依頼書によると、キャメロットから2日ばかり歩いた距離にある村で数匹のゴブリンが暴れているという。
依頼はこの村からで、暴れているゴブリンを退治して欲しいというもの。
なるほど、全く裏のない『ただのゴブリン退治の依頼』だ。
報酬の他に、食事等の面倒も見てくれるというから、冒険者にとってみれば比較的都合のいい依頼である。
ゴブリン退治といえば、冒険者であれば一度は経験する依頼である。
それ程数が多い依頼であり、経験を積むには最適だと言えるのだ。
ゴブリンは、同じ数なら駆け出しの冒険者パーティーでも余裕で勝てる程の弱いモンスターだ。

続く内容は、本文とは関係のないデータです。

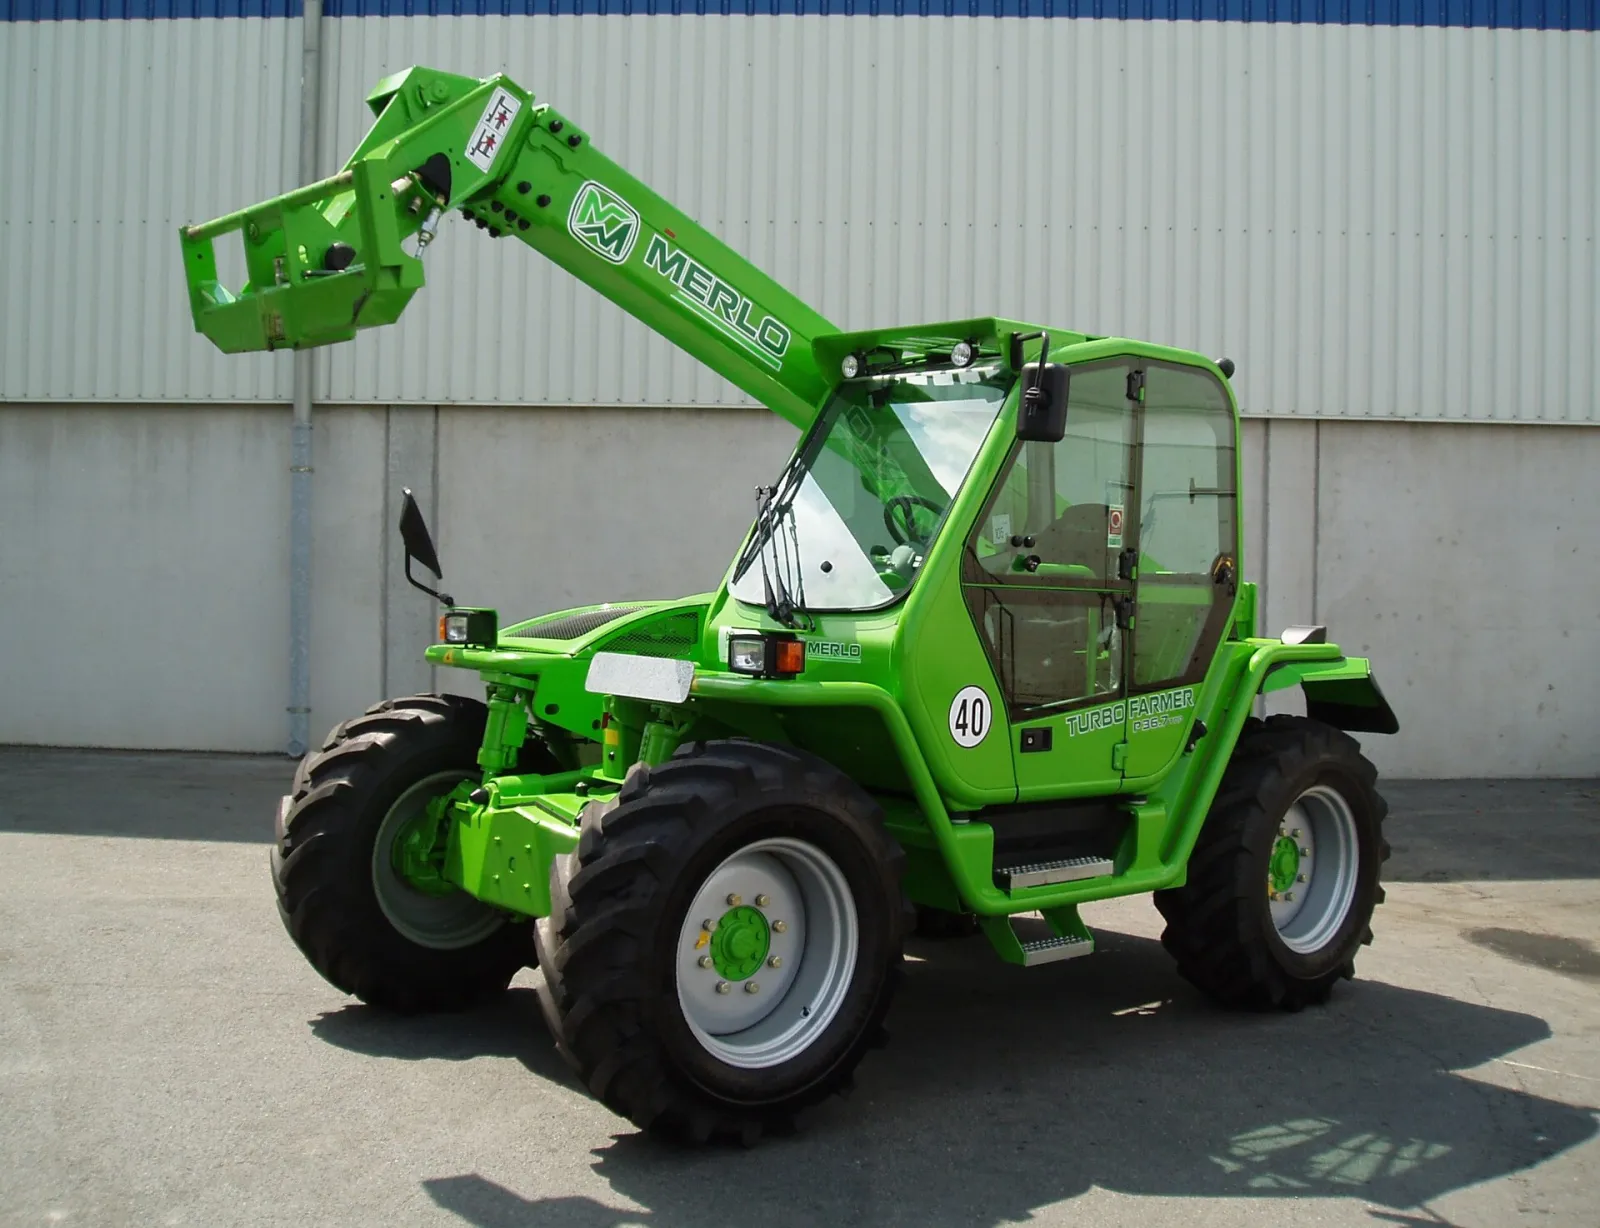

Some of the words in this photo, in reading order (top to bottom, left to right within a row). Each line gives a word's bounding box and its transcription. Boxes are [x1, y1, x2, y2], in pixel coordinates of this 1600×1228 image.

[643, 233, 791, 357] MERLO
[807, 640, 862, 658] MERLO
[955, 697, 985, 737] 40
[1066, 703, 1126, 737] TURBO
[1128, 687, 1194, 719] FARMER

しかし、依頼が多いということは、ゴブリンの数も多いという事。
実際、冒険者が戦うのはパーティーの数よりも多い場合が殆どだろう。
だが、今回の依頼では『ゴブリンは4匹程です』と書かれてある。
この文を見て君は思った。
(「ただのゴブリンじゃないヤツが含まれている」)
普通のゴブリンでこの程度の数なら、受付嬢は駆け出しの冒険者に声を掛けただろう。
そう。
君は何度か冒険をこなしてきた『駆け出しから卒業した冒険者』だ。
つまり、それに相応しい相手だと予想される。
ゴブリンも冒険者と同じく、戦いの中で成長していく。
殆どのゴブリンは冒険者の手によって倒されてくのだが、その中でも生き延びて強くなるゴブリンもいる。
そのようなゴブリンは『ゴブリン戦士』と呼ばれ、冒険者にとっては強敵となりうるのだ。
しかし、君もそれくらいの経験は積んでいるだろう?
同じ依頼を受ける心強い仲間もいるではないか。
大丈夫だ。
『ただのゴブリン退治の依頼』である。
さぁ、冒険に出発だ!
‥‥しかし、この依頼にはただ一つ懸念材料がある。
「よーし! ゴブリン退治だ! がんばるぞっ!」
この依頼を受けた仲間に、やけに元気なシフールがいた。
装備から推測するとレンジャーだろうか?
このシフールの名前はピックル・リックル(ez1020)。
噂では、この冒険者が受けた依頼は必ず失敗するという。
‥‥さて、この問題児をどうするか。
この依頼の成否は彼次第である‥‥。
●リプレイ本文
●ちょっとゴブリンを退治してきてくれない?
「よ〜し! ゴブリン退治に出発だ! がんばるぞぉ!」
陽気なシフールの声が響き渡る。
その声の主はピックル・リックル(ez1020)。
一部の冒険者の中では、彼と一緒だと依頼が必ず失敗するという悪名高き冒険者である。
「今回はただのゴブリン退治なんだよね〜。でも、何か訳有りらしいんだけど〜」
気合十分なピックルの顔を、同じシフールであるゼファン・トゥムル(ea1556)が覗き込んだ。
「な、何だよぉ!」
「例の『アレ』と一緒に作戦実行するのか〜、大丈夫かな〜」
「『アレ』って言うなよぉ! うわぁ〜ん!」
ピックルもみんなに迷惑を掛けないように自分なりに頑張っている‥‥が、やはり問題児と思われているようだ。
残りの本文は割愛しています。